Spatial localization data
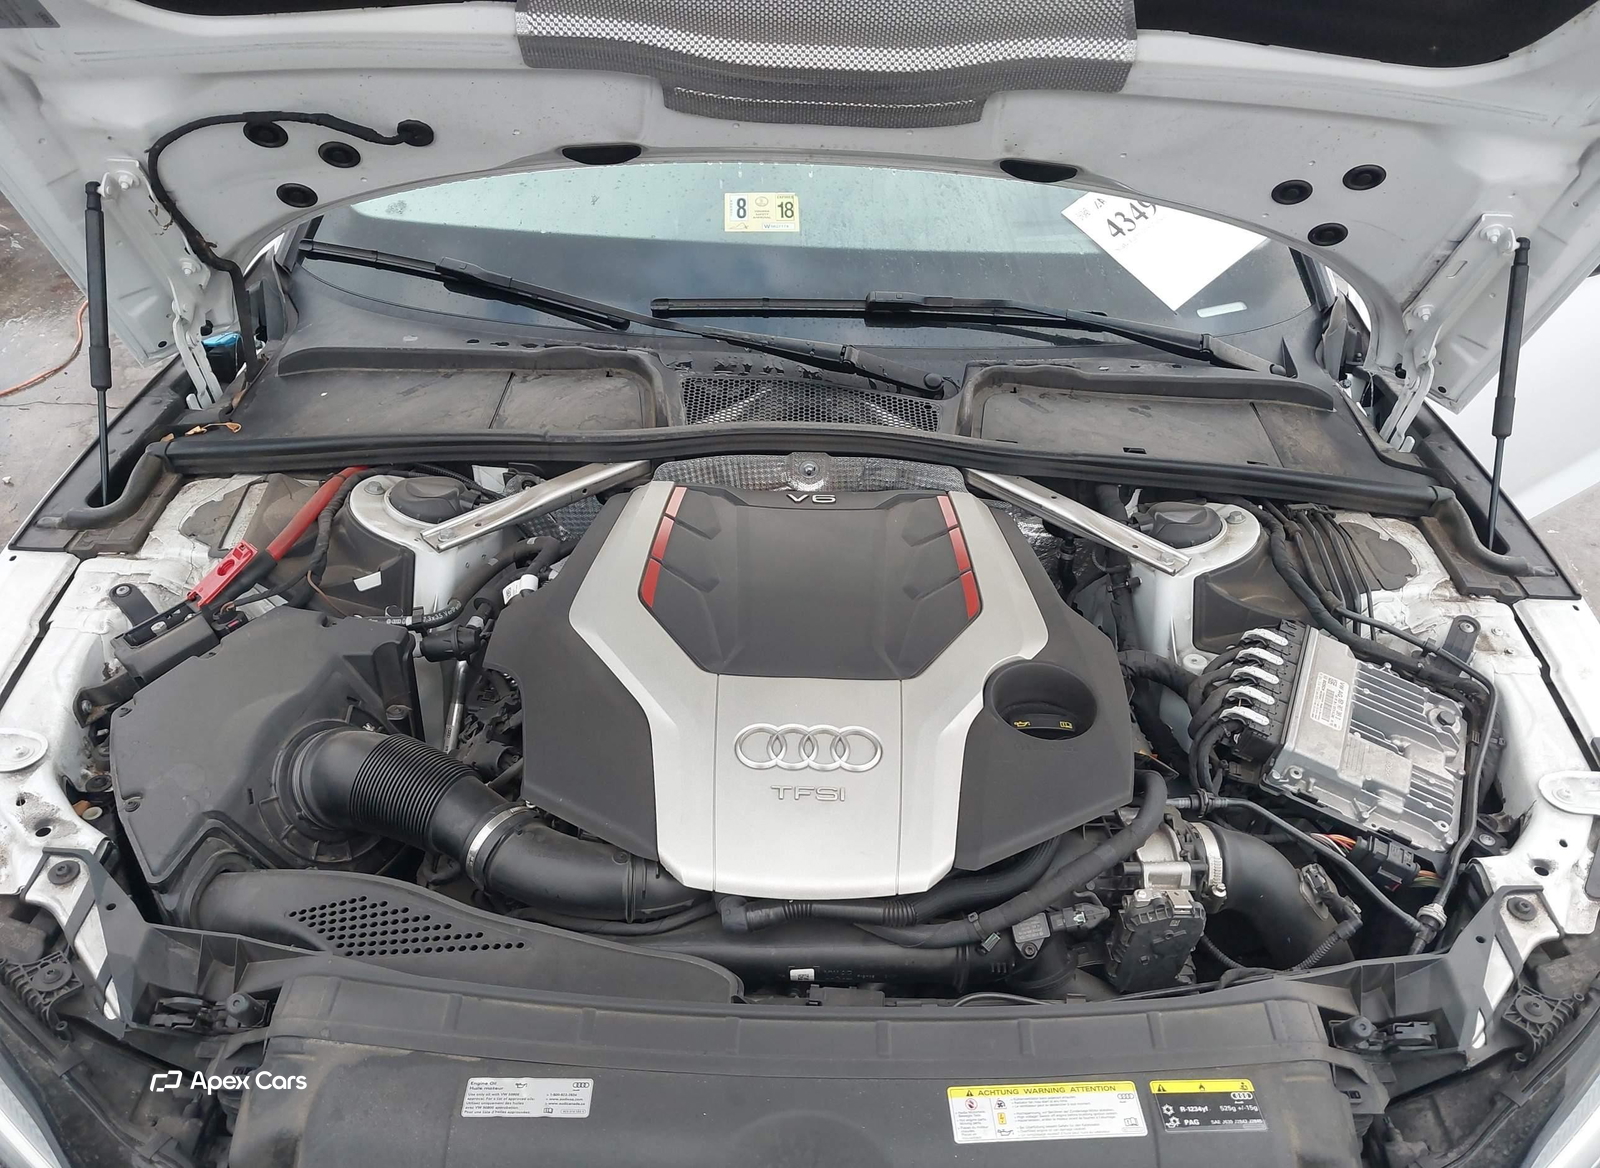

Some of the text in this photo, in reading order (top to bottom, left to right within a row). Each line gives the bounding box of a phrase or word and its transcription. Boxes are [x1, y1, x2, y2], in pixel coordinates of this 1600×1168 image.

[737, 198, 747, 218] 8
[777, 201, 794, 218] 18
[786, 493, 836, 504] V6
[770, 785, 846, 802] TFSI
[977, 1085, 1116, 1097] ACHTUNG WARNING ATTENTION

Aim of the task
I'd like the data above duplicated exactly, with no pictures included.

Written solution
Some of the text in this photo, in reading order (top to bottom, left to right within a row). Each line gives the bounding box of a phrase or word and its transcription. Boxes are [x1, y1, x2, y2], in pixel coordinates of this 1600×1168 image.

[737, 198, 747, 218] 8
[777, 201, 794, 218] 18
[786, 493, 836, 504] V6
[770, 785, 846, 802] TFSI
[977, 1085, 1116, 1097] ACHTUNG WARNING ATTENTION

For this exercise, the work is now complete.